2024-01-15 20:55 [PATCH v8 bpf-next 0/6] bpf: tcp: Support arbitrary SYN Cookie at TC Kuniyuki Iwashima
` (3 preceding siblings ...)
2024-01-15 20:55 ` [PATCH v8 bpf-next 4/6] bpf: tcp: Handle BPF SYN Cookie in cookie_v[46]_check() Kuniyuki Iwashima
@ 2024-01-15 20:55 ` Kuniyuki Iwashima
2024-01-17 1:55 ` Martin KaFai Lau
2024-01-15 20:55 ` [PATCH v8 bpf-next 6/6] selftest: bpf: Test bpf_sk_assign_tcp_reqsk() Kuniyuki Iwashima
2024-01-17 1:50 ` [PATCH v8 bpf-next 0/6] bpf: tcp: Support arbitrary SYN Cookie at TC patchwork-bot+netdevbpf
6 siblings, 1 reply; 11+ messages in thread
From: Kuniyuki Iwashima @ 2024-01-15 20:55 UTC (permalink / raw)

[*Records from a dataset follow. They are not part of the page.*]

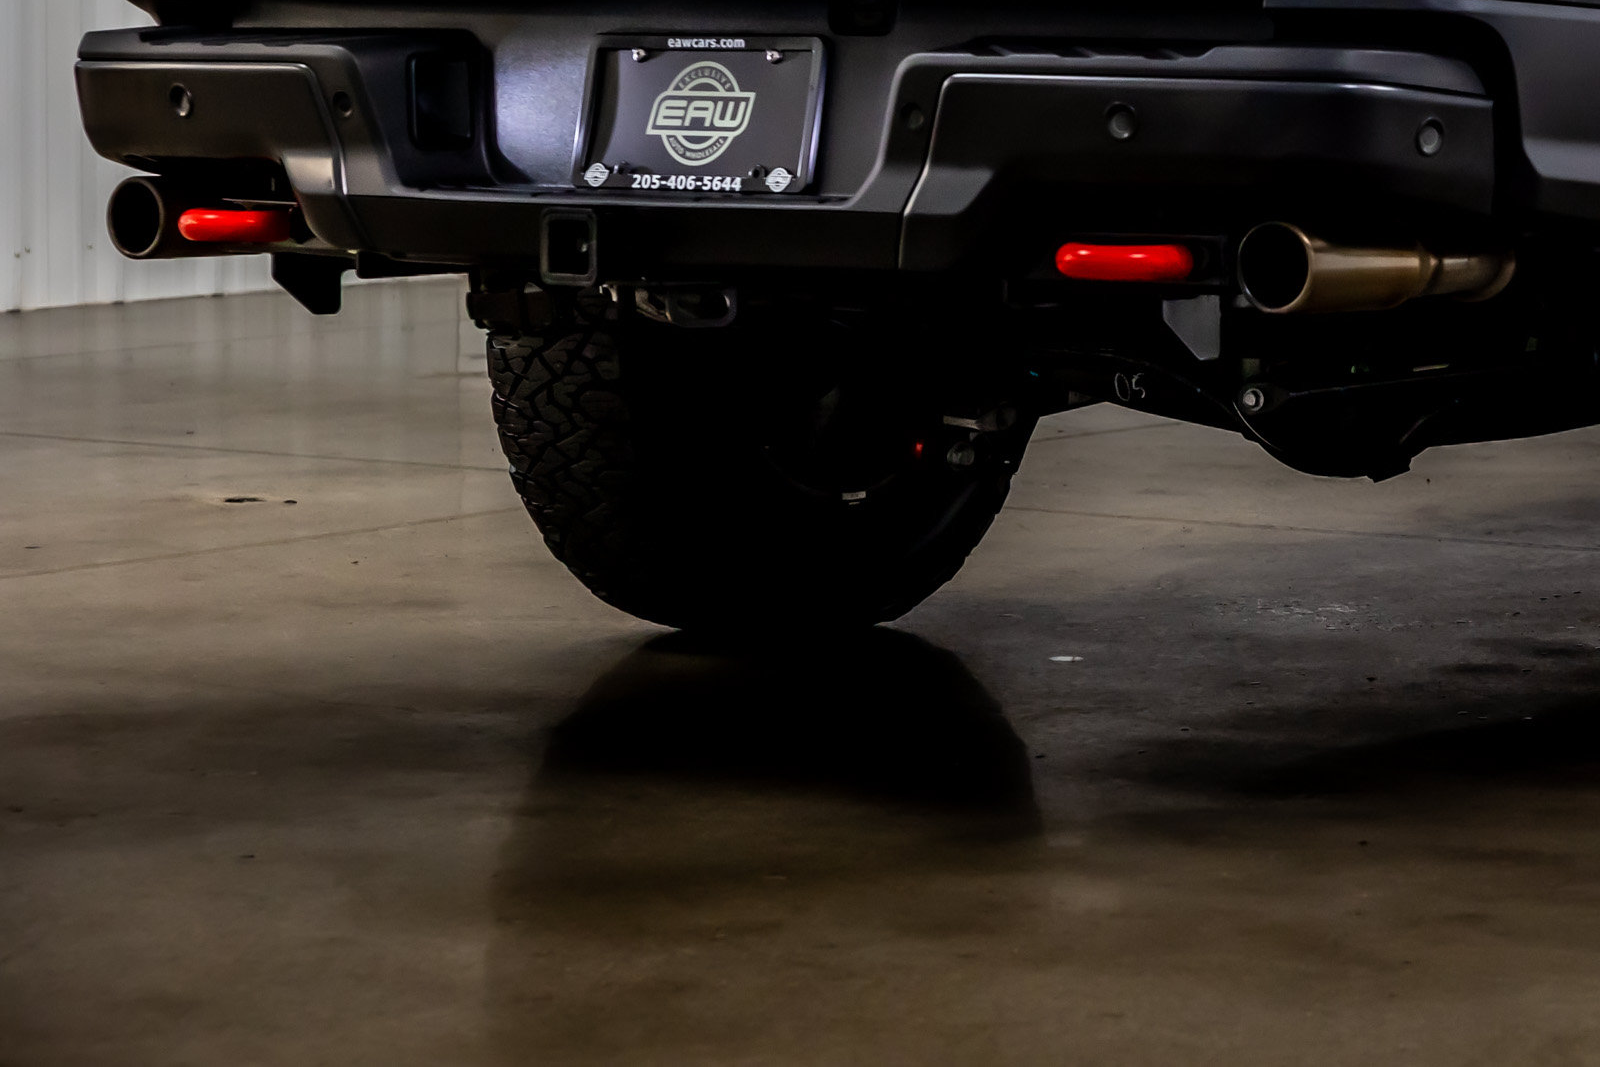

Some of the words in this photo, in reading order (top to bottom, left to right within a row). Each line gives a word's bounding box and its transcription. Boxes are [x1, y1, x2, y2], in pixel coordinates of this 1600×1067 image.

[667, 38, 746, 49] eawcars.com
[655, 99, 747, 128] EAW
[631, 175, 742, 192] 205-406-5644
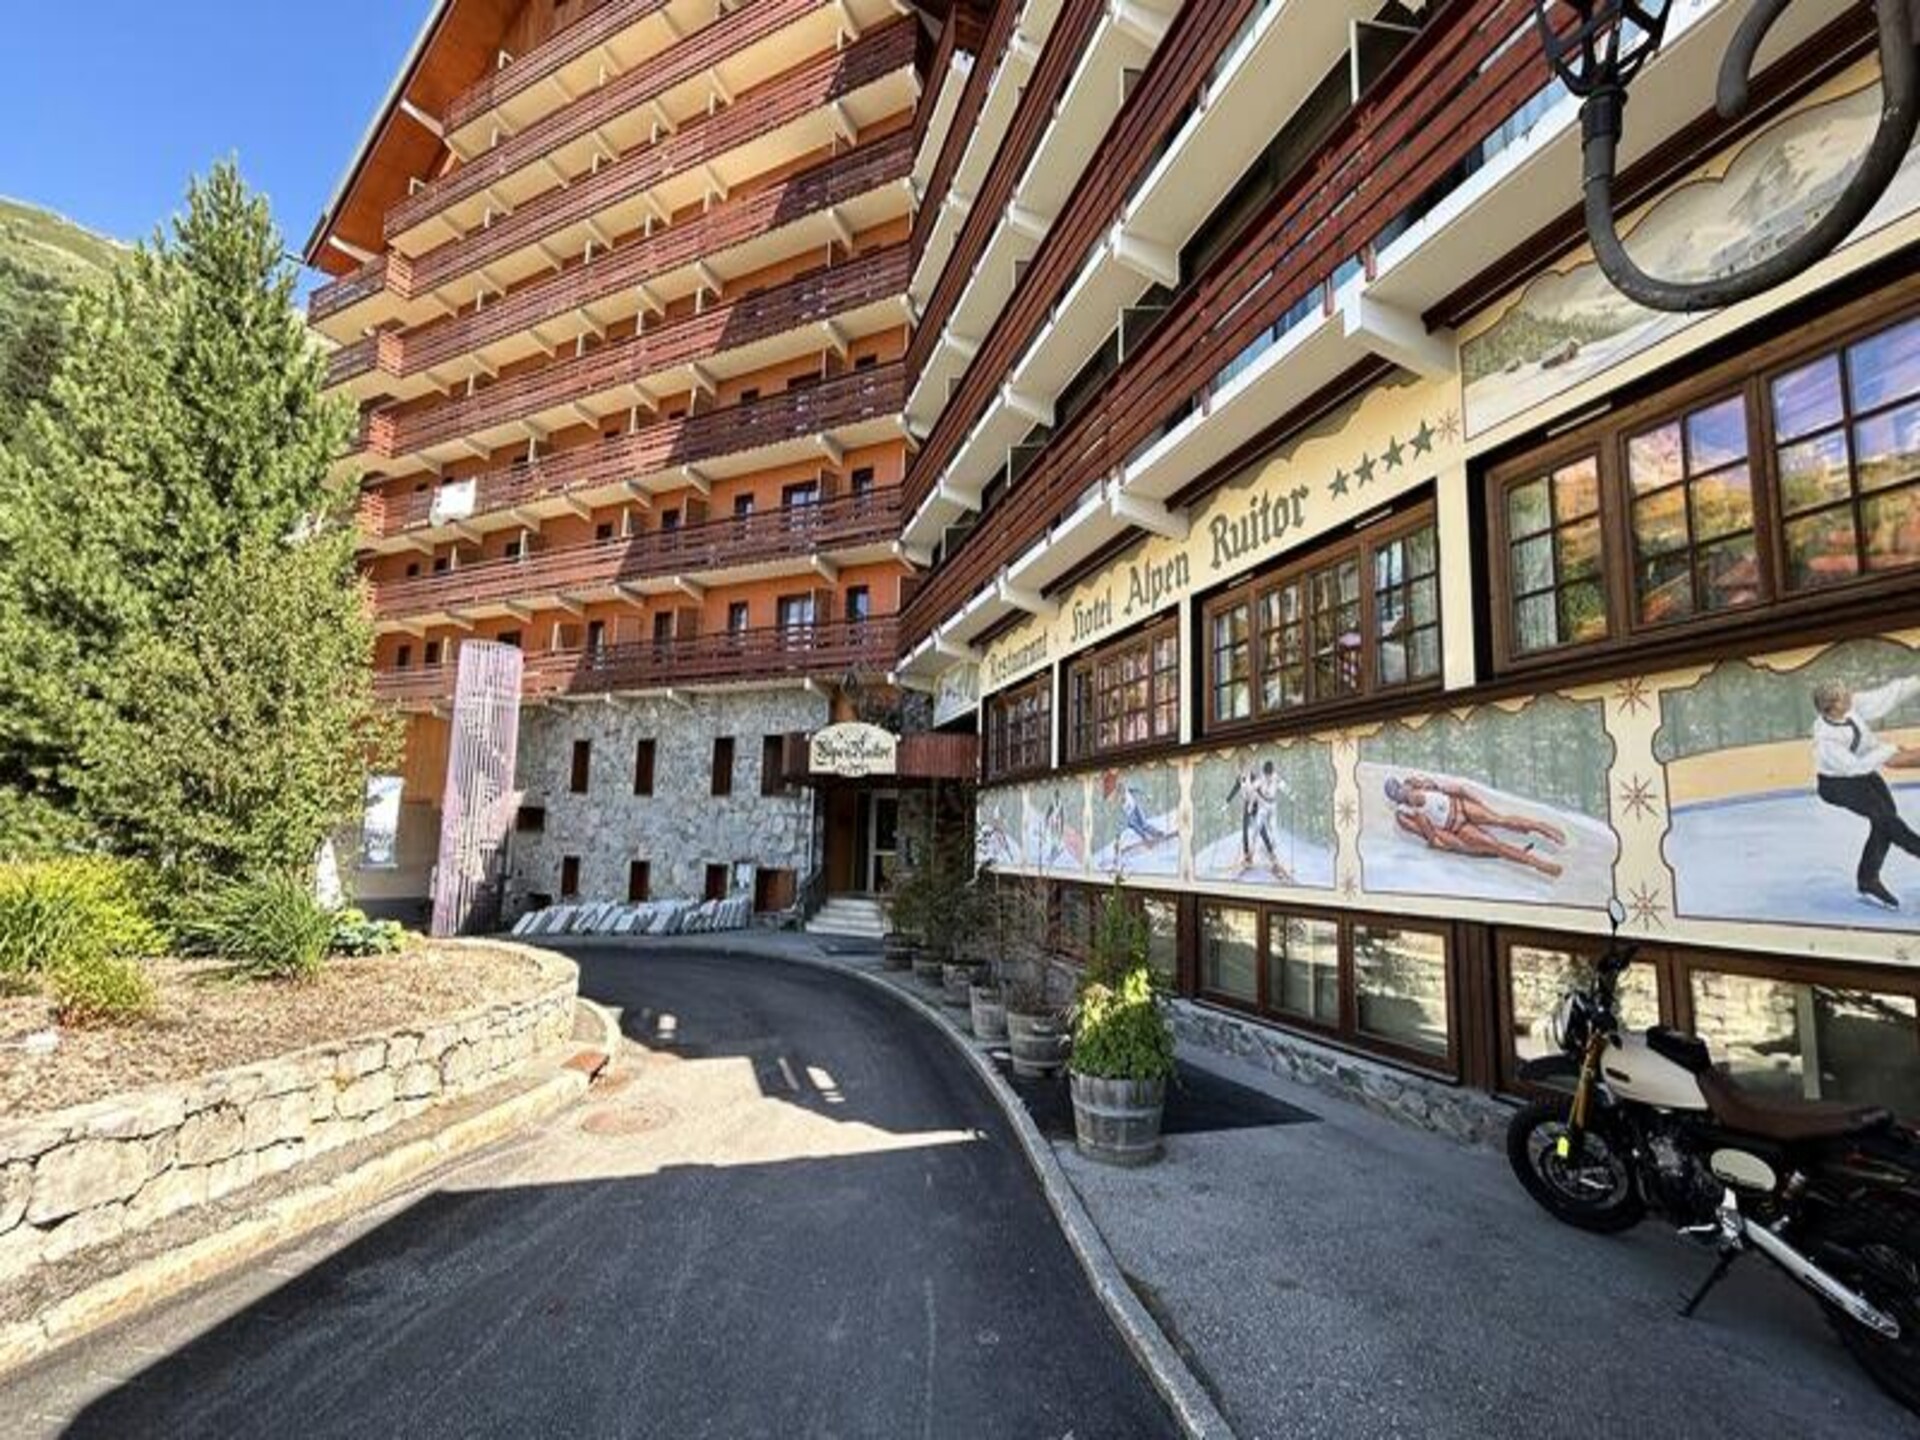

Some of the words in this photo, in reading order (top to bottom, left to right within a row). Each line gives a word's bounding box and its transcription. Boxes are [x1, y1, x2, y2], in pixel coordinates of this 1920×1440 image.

[1071, 586, 1112, 643] Hotel
[1124, 552, 1190, 614] Alpen
[1208, 485, 1309, 570] Ruitor

To: Eric Dumazet, Alexei Starovoitov, Daniel Borkmann,
Andrii Nakryiko, Martin KaFai Lau, Paolo Abeni
Cc: Kuniyuki Iwashima, Kuniyuki Iwashima, bpf, netdev
This patch adds a new kfunc available at TC hook to support arbitrary
SYN Cookie.
The basic usage is as follows:
struct bpf_tcp_req_attrs attrs = {
.mss = mss,
.wscale_ok = wscale_ok,
.rcv_wscale = rcv_wscale, /* Server's WScale < 15 */
.snd_wscale = snd_wscale, /* Client's WScale < 15 */
.tstamp_ok = tstamp_ok,
.rcv_tsval = tsval,
.rcv_tsecr = tsecr, /* Server's Initial TSval */
.usec_ts_ok = usec_ts_ok,
.sack_ok = sack_ok,
.ecn_ok = ecn_ok,
}
skc = bpf_skc_lookup_tcp(...);
sk = (struct sock *)bpf_skc_to_tcp_sock(skc);
bpf_sk_assign_tcp_reqsk(skb, sk, attrs, sizeof(attrs));
bpf_sk_release(skc);
bpf_sk_assign_tcp_reqsk() takes skb, a listener sk, and struct
bpf_tcp_req_attrs and allocates reqsk and configures it. Then,
bpf_sk_assign_tcp_reqsk() links reqsk with skb and the listener.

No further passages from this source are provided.